Discussion
We describe the clinical course of three neonates born to mothers with history of SARS-CoV-2 infection during pregnancy, who developed intravascular hemolysis while having other concurrent illnesses. Two cases had a reactive anti-SARS-CoV-2 antibodies test. Case 1 had two negative nasopharyngeal swabs for SARS-CoV-2 PCR; cases 2 and 3 were not tested given the negative maternal tests at the delivery. Vertical transmission of SARS-CoV-2, although rare, has been reported, but our cases did not meet the criteria for congenital infection.1 However, there have been reports of newborns born to SARS-CoV-2 positive mother who presented with thrombocytopenia, refractory shock, and multiorgan failure.2 Another study reported NEC in a preterm infant born to a SARS-CoV-2 positive mother. 3
All our cases developed hemolytic anemia early in their course, and it was associated with conditions that predispose to hemolysis such as NEC, G6PD deficiency, and DIC.

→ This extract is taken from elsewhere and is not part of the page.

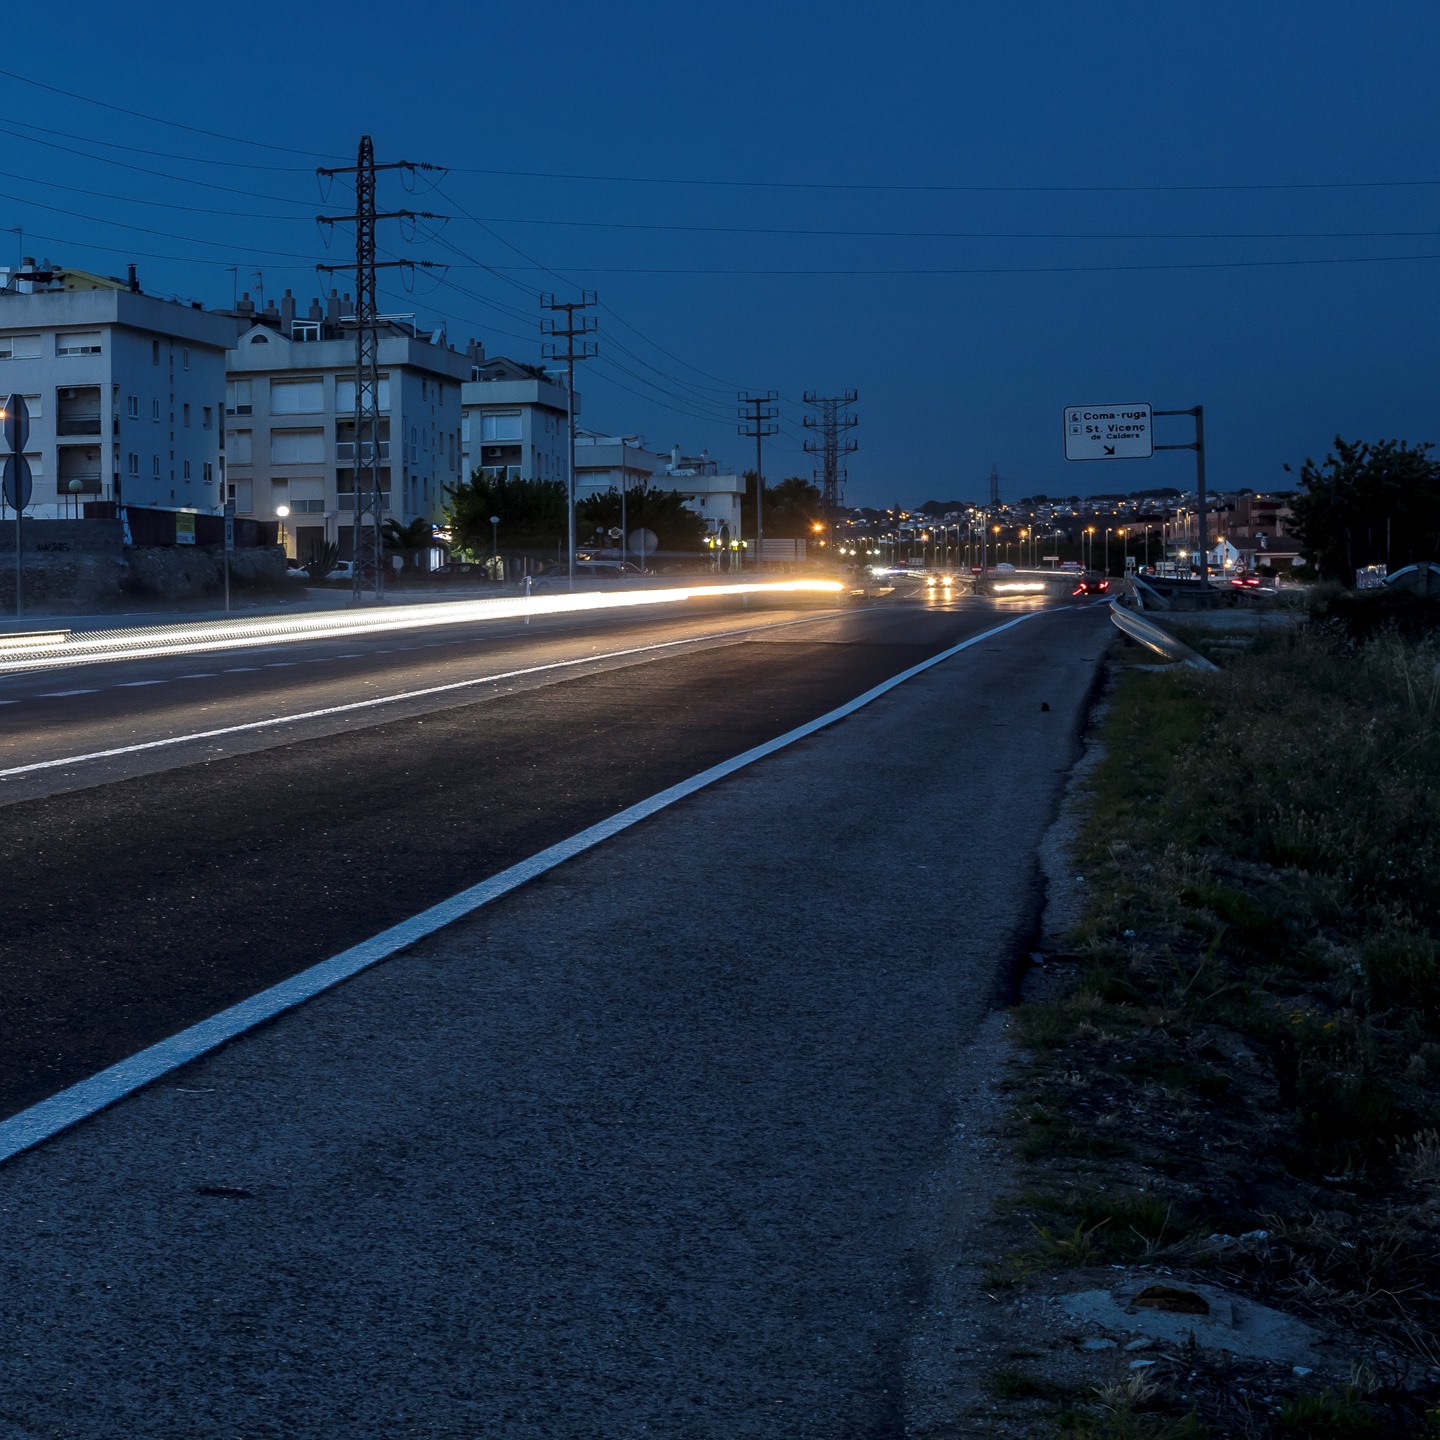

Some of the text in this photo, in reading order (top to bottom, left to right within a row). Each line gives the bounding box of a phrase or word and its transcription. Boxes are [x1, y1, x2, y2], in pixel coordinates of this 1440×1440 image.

[1083, 411, 1147, 421] Coma-ruga
[1085, 424, 1146, 433] St. Vicenç
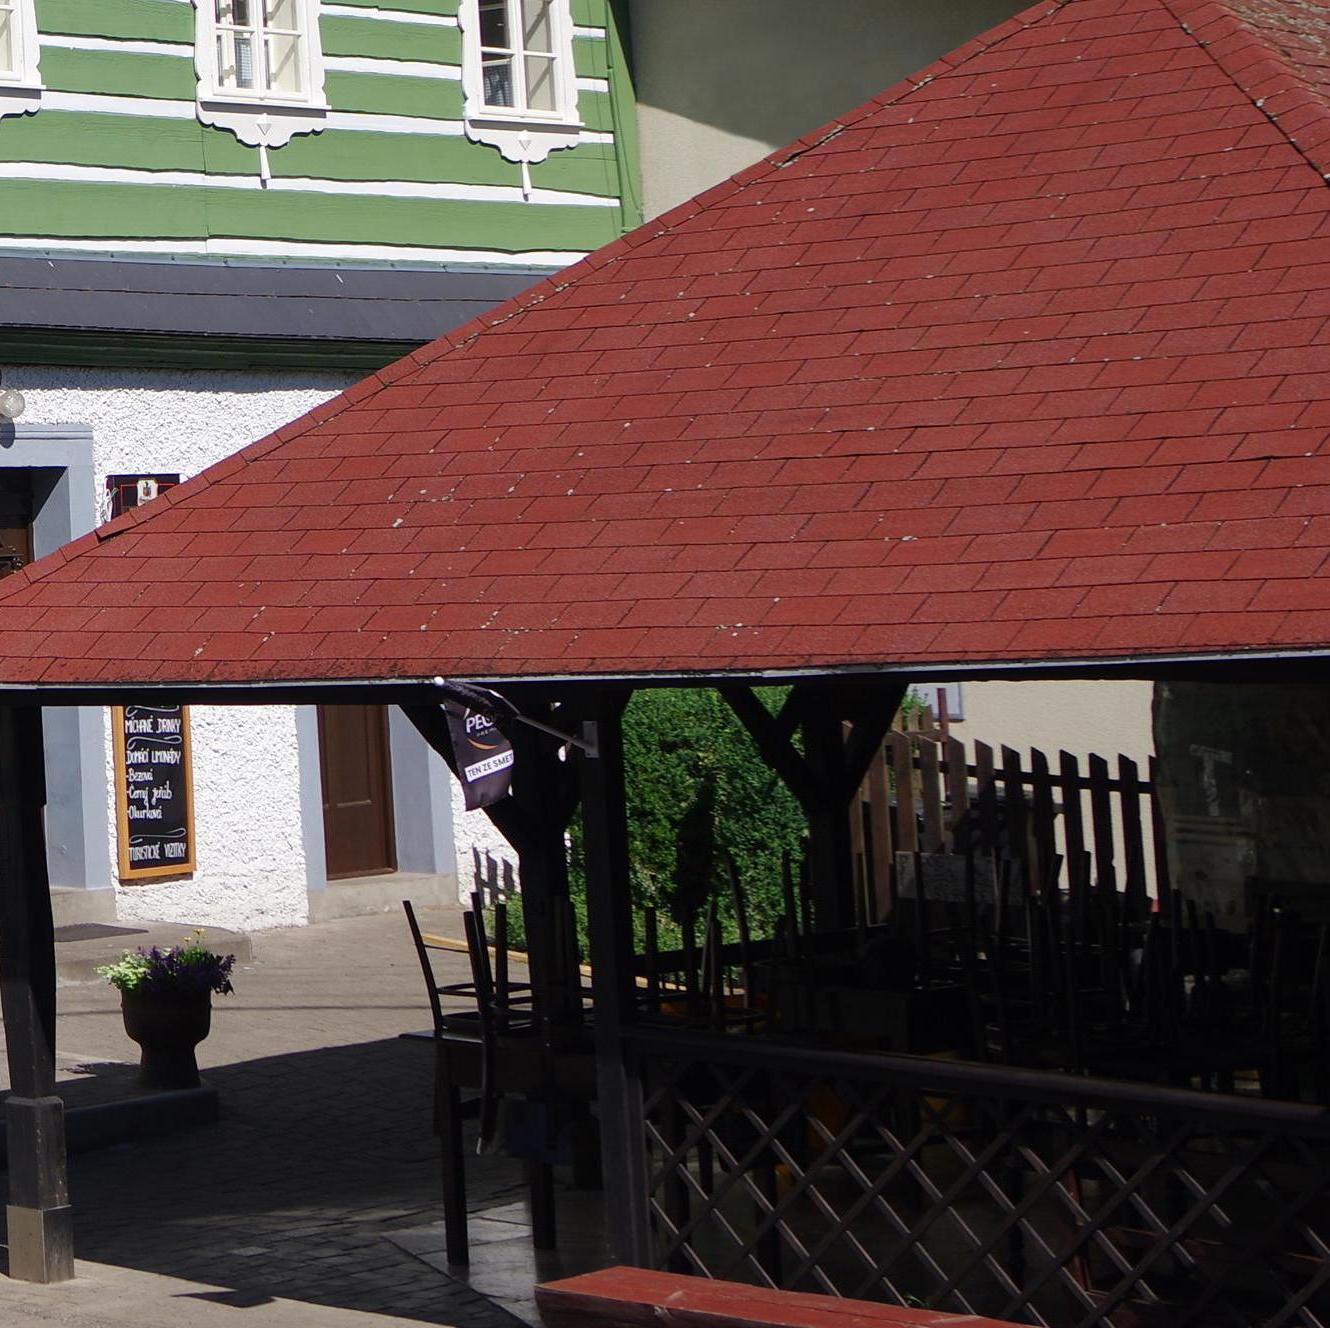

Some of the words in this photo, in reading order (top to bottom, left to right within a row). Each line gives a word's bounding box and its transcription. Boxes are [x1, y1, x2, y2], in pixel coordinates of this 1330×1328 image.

Our first case had NEC, a complication of prematurity with an incidence of 5-10% and with mortality rates as high as 30%. 45 Anemia is well described in NEC and is multi-factorial due to bleeding, iatrogenic losses, thrombotic microangiopathy, or activation of the Thomsen-Friedenrich cryptantigen on the RBC. As many as 30 % of newborns with NEC could have TCA activation. 6 Surface TCA is an antigen concealed by a layer of N-acetylneuraminic acid. 8 When TCA is exposed may interact with immunoglobulin M (IgM) anti - T antibodies present in plasma.7 When RBCs are destroyed, hemoglobin is released in plasma and couples irreversibly with haptoglobin. This complex is cleared from circulation by monocytes and macrophages. Low levels of haptoglobin, as in cases 2 and 3, are useful to support the hemolytic etiology, but it is important to note that solely low haptoglobin levels in newborns may not be useful for diagnosis of hemolysis. 8 In case 1, there was a strong clinical suspicion that TCA activation was responsible for the hemolytic process based on positive minor crossmatch. The patient received washed RBC and platelets, PCC, and fibrinogen concentrate with subsequent improvement in hemolysis. Case 3 had decreased level of G6PD. G6PD deficiency is mostly asymptomatic unless there is exposure to oxidative stress, caused by infections, or medications, followed by hemolysis.8 There are reports of a possible association of SARS-CoV2 infection with hemolysis in adults with G6PD deficiency. 9 10
All cases had elevated free plasma hemoglobin, elevated reticulocyte count, schistocytes on peripheral smear, but the direct antiglobulin test (DAT) was negative. 5-10 % of hemolytic anemias may have negative antibody testing on routine testing, 12 due to the presence of a different type of antibody (IgM), small number of RBCs bound to IgG molecules or low-affinity autoantibodies. Additionally, during SARS-CoV-2 infection, hemolytic anemia may be DAT negative, and traditional hemolytic markers may be unreliable.11 As seen in our cases, high plasma hemoglobin levels can be highly pathogenic through direct endothelial damage, lipid peroxidation, or activation of various inflammatory pathways. 1121
None of the previous reports involving newborns born to SARS-CoV-2 positive mothers describe hemolytic anemia, but there are reports of autoimmune hemolytic anemia in adults with SARS-CoV-2 infection, presumably caused by the cytokine storm or through molecular mimicry.14–17 Most of the reported cases of SARS-CoV-2 infection associated with hemolytic anemia had an underlying condition predisposing to hemolysis such as spherocytosis, G-6-PD deficiency, or malignancy 18 similar to our cases.
Our cases highlight the need for a prospective study to identify if the incidence of hemolysis in neonates born to mothers with active or resolved SARS-CoV-2 infection during pregnancy is indeed increased. While a direct causal relationship between intrauterine exposure to SARS-CoV-2 infection or antibodies and hemolysis cannot be definitively proven, based on the clinical presentation, we speculate that infants with conditions known to cause hemolysis are at increased risk of developing a more severe form of hemolytic anemia. If intravascular hemolysis and coagulopathy are present, until further information is available, using washed blood products that are less likely to exacerbate the hemolytic process, irradiated RBC, and PCC might be a consideration.